Social media is a strange and rather frightening creature at times. Quite regularly, it throws up something that terrifies and shocks Jamaicans, with no context or background of course. Just out of the blue. So again recently, a video of a woman in rural Jamaica beating her thirteen year-old daughter in rural Jamaica suddenly popped up and “went viral,” as the saying goes. It galloped around all the social media platforms that Jamaicans have access to, and more. The usual firestorm of commentary resulted – largely condemnatory and judgmental, accompanied by those little icons expressing horror and anger. A media personality named Jenny Jenny actually interviewed the young girl on her radio show on Hitz 92 FM – apparently an exercise in sensational journalism and quite inappropriate, but sadly revealing in some ways. However, some are digging deeper to look at the root causes of such a sad situation. Here is a response from Women’s Resource and Outreach Centre.
October 4, 2017
STOP HEAPING COALS ON THE WOMAN’S HEAD
Go to the root of the problem!
The Women’s Resource and Outreach Centre (WROC) has seen the now infamous video, widely circulated on social media, of a mother beating her girl child with a machete. There has been widespread, harsh criticism in Jamaica of this incident. This event will be remembered either as the momentary sensationalization of an unhealthy culture of child abuse and the economic and social poverty which lie at its root; or it can become a point of resolution for action to transform the experiences of the majority of women, men and children in our society.
The abuse of children, and of this girl child as seen in the video, is part and parcel of the neglect that we see in the treatment of women, the disabled and the elderly. We see this neglect in the poverty and squalor in which too many Jamaicans live. We need to start a deeper conversation about the issues that led this mother to clearly lose control of herself and to resort to this method of punishment. She can be heard on the video exclaiming “mi tyad a unnuh…mi tyad a unnuh…mi talk to yuh.” She seems to be at her wits’ end; this is the place where most parents may find themselves when they engage in corporal punishment, crossing the line into child abuse.
How can we help our parents?
WROC is committed to helping parents navigate the complicated task of parenting through the provision of parent training sessions.
At the national level, WROC calls for the following immediate measures:
- Expanding opportunities for lifelong learning among adults, including training in appropriate and acceptable parenting skills;
- Targeting interventions to encourage, teach and support men to become more involved in the lives of their children;
- Targeting and expanding employment among women to respond to the higher levels of unemployment they face, and the larger families they are required to support;
- Training and recruitment of women in non-traditional areas; for example construction skills, carpentry, masonry and engineering trades.

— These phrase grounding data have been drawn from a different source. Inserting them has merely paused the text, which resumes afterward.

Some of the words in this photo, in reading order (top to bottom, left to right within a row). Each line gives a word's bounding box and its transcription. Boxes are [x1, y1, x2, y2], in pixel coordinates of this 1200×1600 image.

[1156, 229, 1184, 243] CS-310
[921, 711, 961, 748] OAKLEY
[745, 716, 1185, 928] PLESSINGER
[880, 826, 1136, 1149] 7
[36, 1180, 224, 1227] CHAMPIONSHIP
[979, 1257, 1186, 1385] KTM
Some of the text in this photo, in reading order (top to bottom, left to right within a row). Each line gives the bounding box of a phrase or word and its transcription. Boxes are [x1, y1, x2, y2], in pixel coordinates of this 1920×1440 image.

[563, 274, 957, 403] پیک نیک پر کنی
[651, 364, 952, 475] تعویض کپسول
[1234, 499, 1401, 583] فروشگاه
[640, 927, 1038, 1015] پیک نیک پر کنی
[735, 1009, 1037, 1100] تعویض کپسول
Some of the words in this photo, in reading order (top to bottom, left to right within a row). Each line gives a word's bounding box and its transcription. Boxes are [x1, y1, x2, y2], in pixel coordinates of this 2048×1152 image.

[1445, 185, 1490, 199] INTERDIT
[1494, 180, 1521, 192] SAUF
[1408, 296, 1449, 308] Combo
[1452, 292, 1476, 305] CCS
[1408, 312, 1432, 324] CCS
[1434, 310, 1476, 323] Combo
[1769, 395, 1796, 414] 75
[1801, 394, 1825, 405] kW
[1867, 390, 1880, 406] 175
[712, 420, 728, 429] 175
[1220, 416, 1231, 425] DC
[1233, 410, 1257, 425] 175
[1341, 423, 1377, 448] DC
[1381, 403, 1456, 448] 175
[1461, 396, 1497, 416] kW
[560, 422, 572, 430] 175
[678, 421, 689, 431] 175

This should become a national priority to ease the economic burden of parents, especially female headed and rural households; and
- Full investigation of this particular case to ensure that the family and, especially the child and mother, receive the social support necessary to ensure the best possible outcome.
So what is the underlying reality, the ‘back-story’?
The Jamaica Survey of Living Conditions (JSLC) 2015 shows that, while poverty decreased in the urban areas, it increased for the second year in a row in rural areas. The survey also showed that female headed households were on average poorer than male headed households – and this gap widened in 2015. The JSLC also showed that poor households generally had more children. The St. Thomas mother of five in the video could well be counted among the most highly stressed members of the society. Where is her support system? Where is the Father? What did those who witnessed the incident almost a year ago do to support mother and daughter, and help them both out of this cycle of inter-generational abuse?
Our first instinct as a country should not be to judge her harshly or pass scathing remarks, but to ask what is the State doing, in the context of increasing poverty, violence and abuse, to secure the human rights and dignity of all citizens? Counselling, psycho-social support and training on appropriate parenting skills are vital; but must be accompanied by expanding opportunities and choices for sustainable livelihoods and dignified living by women, their children and families.
As a nation, we need to have a national conversation around the inhumane treatment of our children and the support we offer to parents, as they mould the next generation. At the core, there must be access to ongoing parenting support services, social welfare and counselling services available through all classes of the society. As things stand, the country’s leaders are not providing this kind of support.